Israele è “l’unico paese del Medioriente in cui la comunità cristiana prospera“. Lo ha detto in un videomessaggio natalizio il primo ministro israeliano Benjamin Netanyahu. “Israele è l’unico Paese del Medioriente in cui i cristiani possono praticare la loro fede con pieni diritti e in totale libertà, dove i pellegrini cristiani vengono accolti a braccia aperte e profondamente apprezzati”, le sue parole riportate da Times of Israel. Netanyahu ha aggiunto che il comune di Gerusalemme distribuisce alberi di Natale cristiani, mentre “nella città palestinese di Jenin, i palestinesi hanno bruciato un albero di Natale nella chiesa del Santo Redentore”. “Israele difende i cristiani in tutta la regione, ovunque si trovino ad affrontare diffuse intimidazioni e persecuzioni”, ha proseguito Netanyahu, sottolineando come la popolazione cristiana in Israele sia in crescita, mentre quella in Iraq, Siria, Libano, Turchia e Autorità Nazionale Palestinese in calo. Il premier ha condannato anche gli attacchi contro i cristiani in Nigeria. “Sappiate che Israele sarà sempre al vostro fianco”, ha concluso Netanyahu.

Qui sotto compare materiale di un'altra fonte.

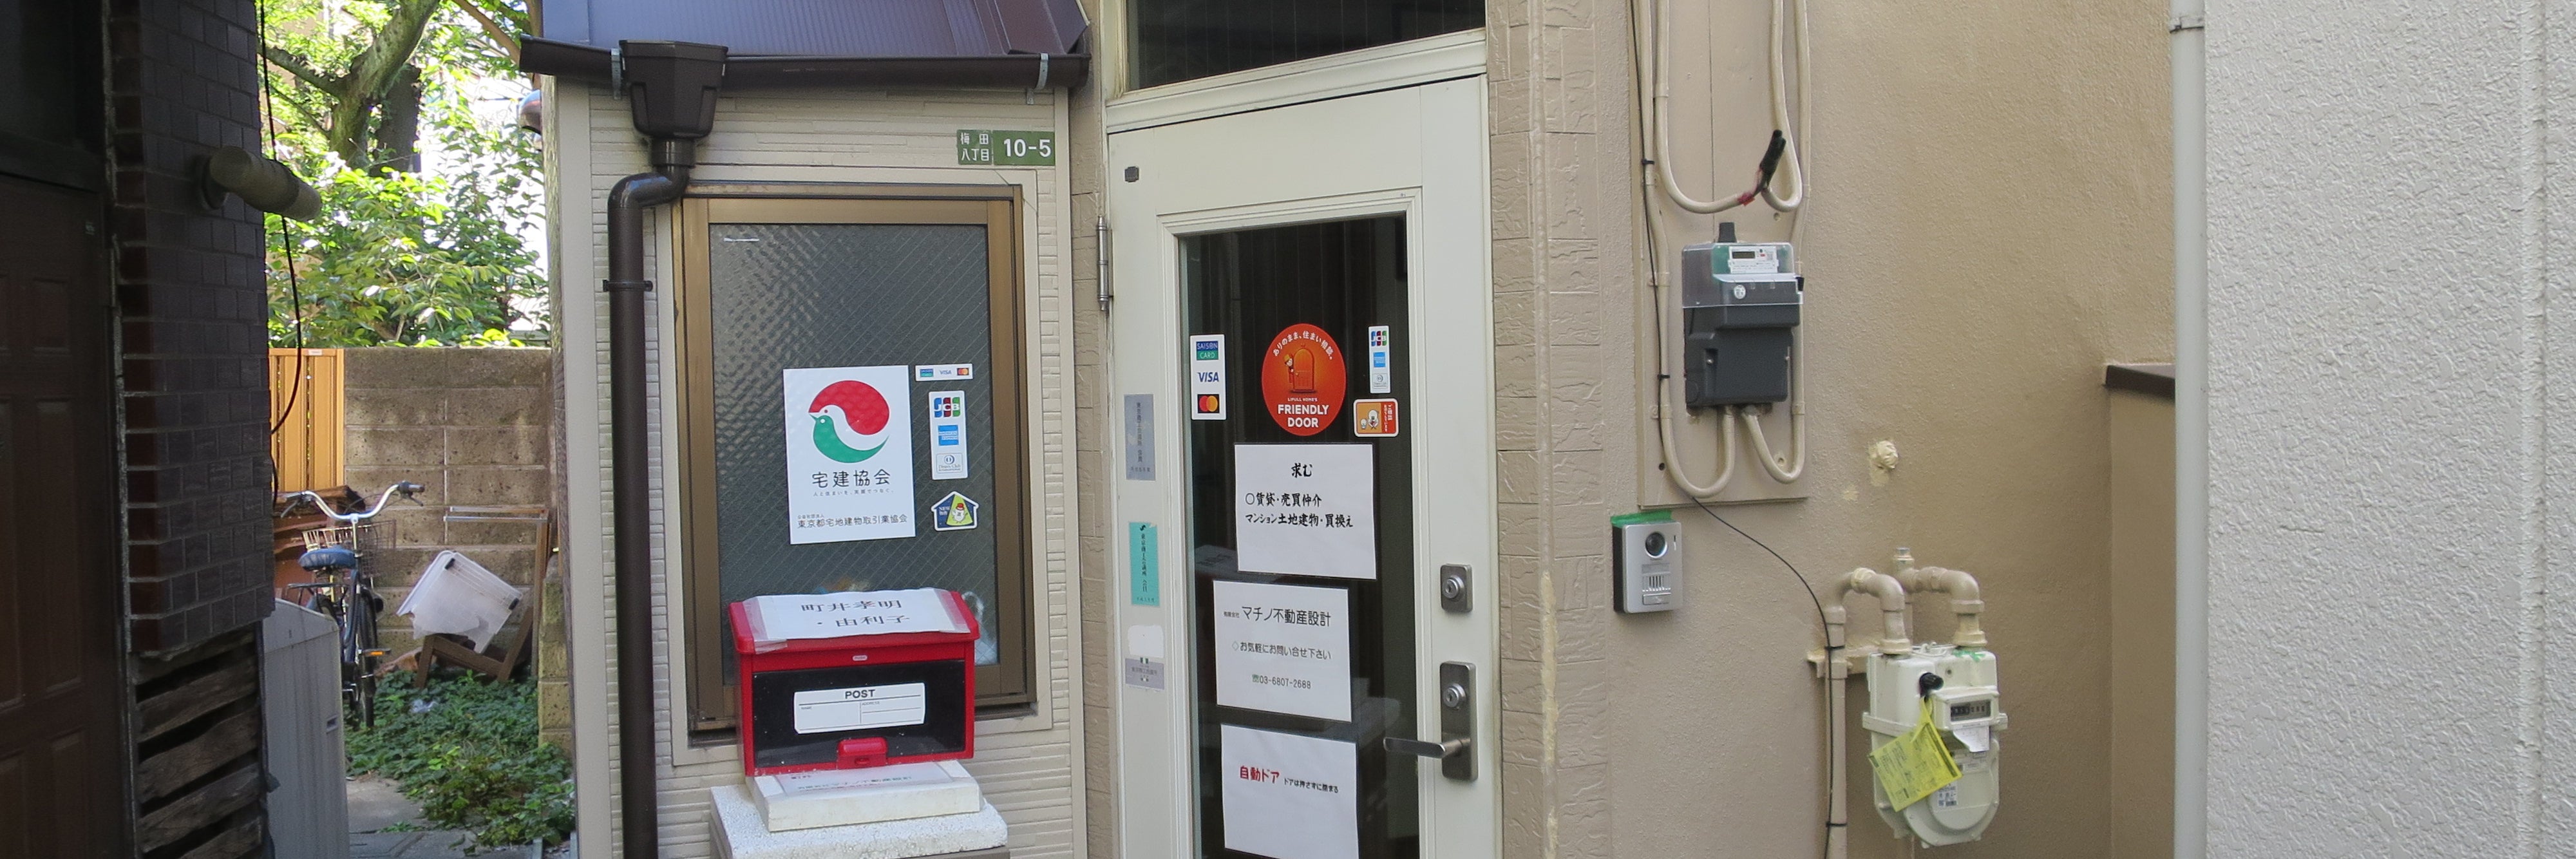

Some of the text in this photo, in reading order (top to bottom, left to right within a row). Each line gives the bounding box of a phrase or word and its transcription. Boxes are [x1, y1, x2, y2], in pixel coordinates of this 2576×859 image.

[960, 133, 989, 145] 梅田
[1003, 138, 1051, 157] 10-5
[961, 149, 989, 161] 八丁目
[1197, 372, 1220, 382] VISA
[1278, 404, 1329, 415] FRIENDLY
[1287, 417, 1319, 428] DOOR
[1291, 463, 1312, 478] 求む
[812, 469, 891, 488] 宅建協会
[797, 514, 907, 529] 東京都宅地建物取引業協会
[1242, 607, 1331, 627] マチノ不動産設計
[845, 689, 875, 699] POST
[1240, 766, 1280, 784] 自動ドア
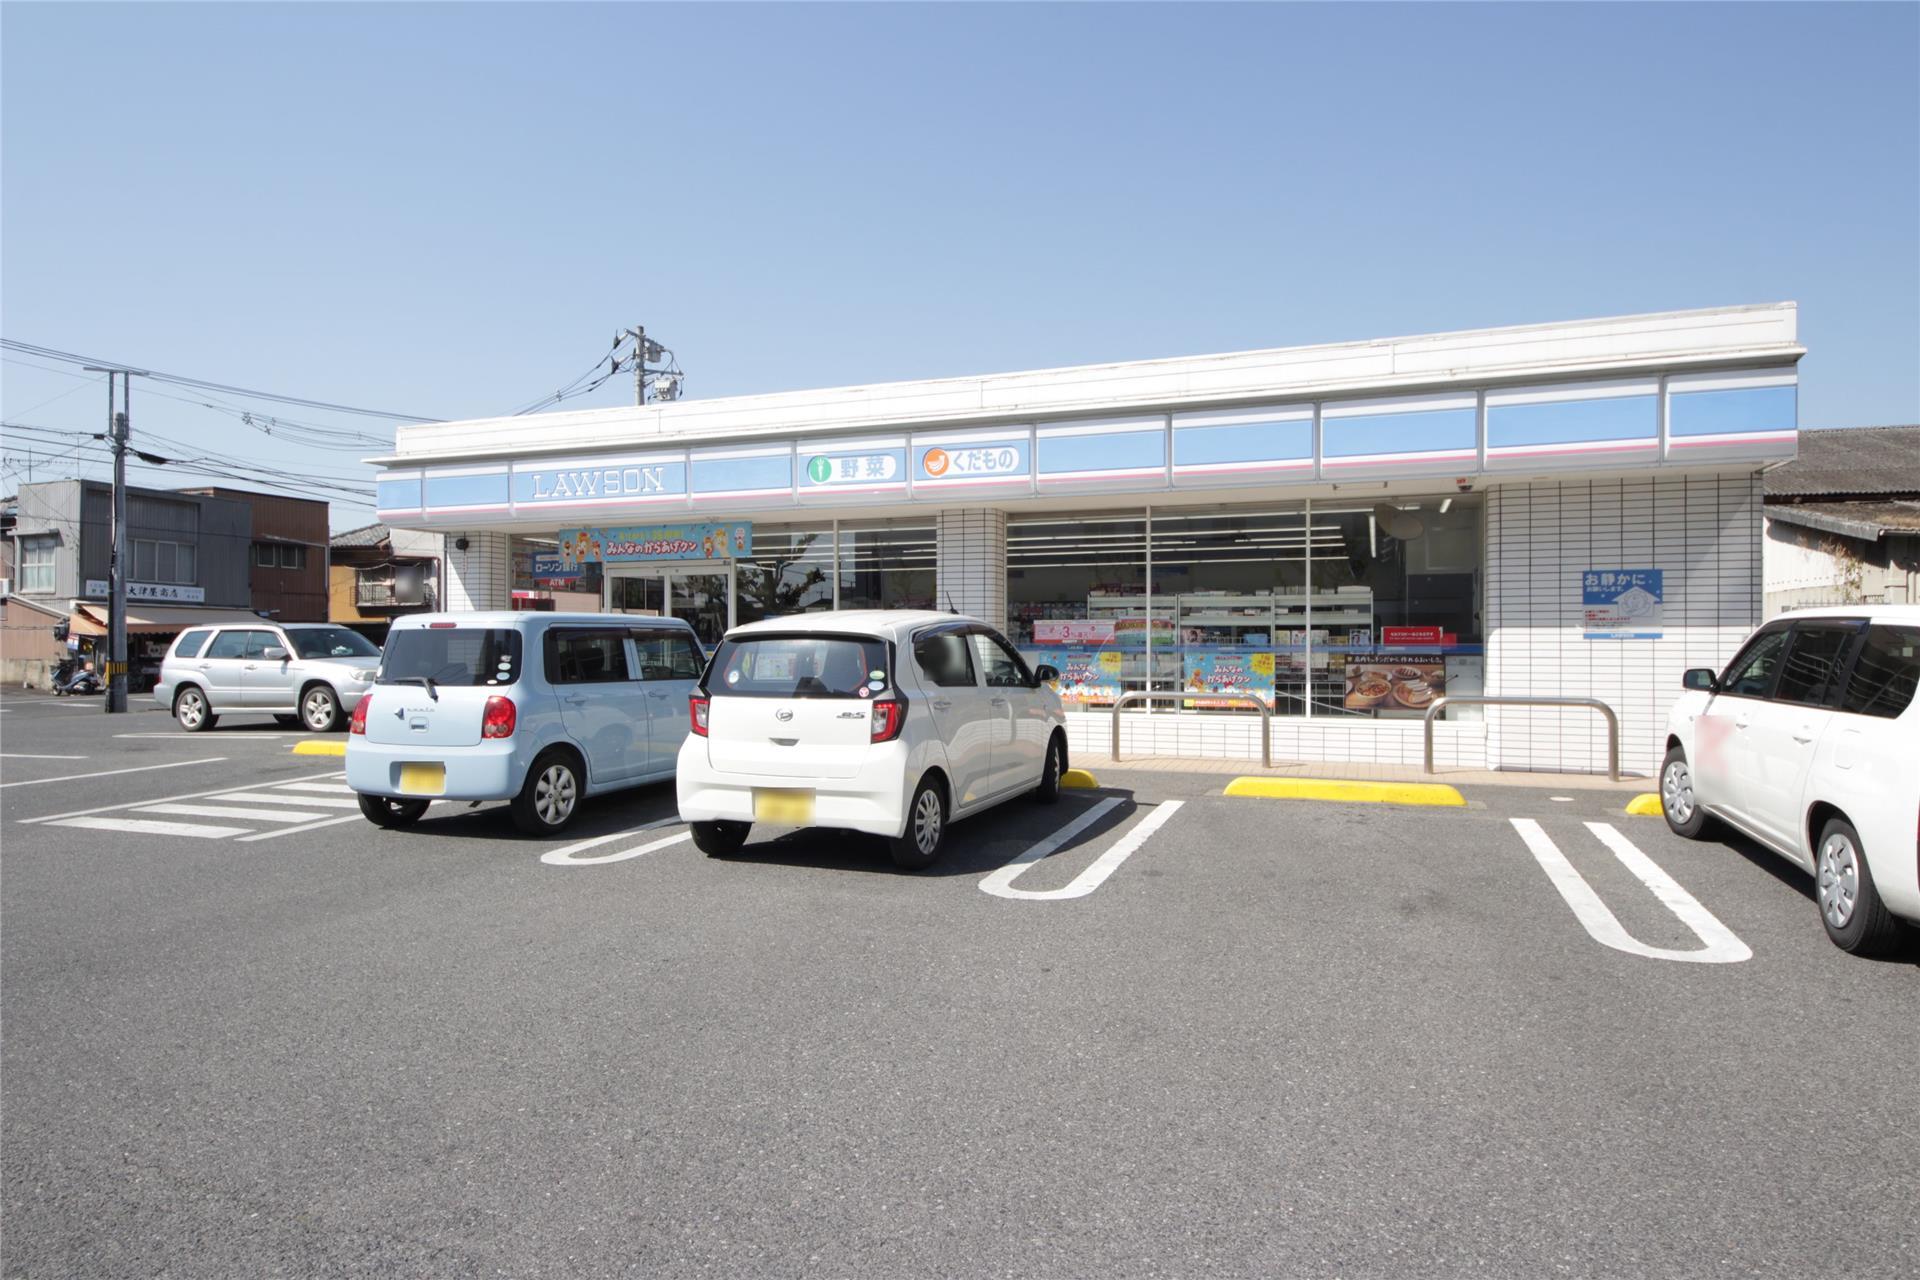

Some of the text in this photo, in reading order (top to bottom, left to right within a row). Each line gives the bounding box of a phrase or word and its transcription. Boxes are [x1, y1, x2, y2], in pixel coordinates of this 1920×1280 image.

[840, 455, 886, 479] 野菜
[952, 449, 1014, 472] くだもの
[532, 467, 665, 498] LAWSON
[606, 539, 698, 556] みんなのからあげクン
[549, 578, 565, 586] ATM
[1584, 573, 1646, 586] お静かに
[1214, 664, 1243, 673] みんなの
[1207, 674, 1251, 684] からあげクン

Idf annuncia uccisione comandante Forza Quds iraniana in raid in Libano
L’Idf, ha annunciato su X di “aver eliminato” Hussein Mahmoud Marshad al-Jawhari nella zona di Ansariyah in Libano. “Al-Jawhari – si legge nel post – era un terrorista chiave della Forza Quds (Unità 840), responsabile della direzione e della supervisione delle attività terroristiche iraniane contro Israele.Ha operato sotto l’egida dell’IRGC, conducendo attività terroristiche dirette dall’Iran contro Israele e le sue forze di sicurezza provenienti da Siria e Libano”.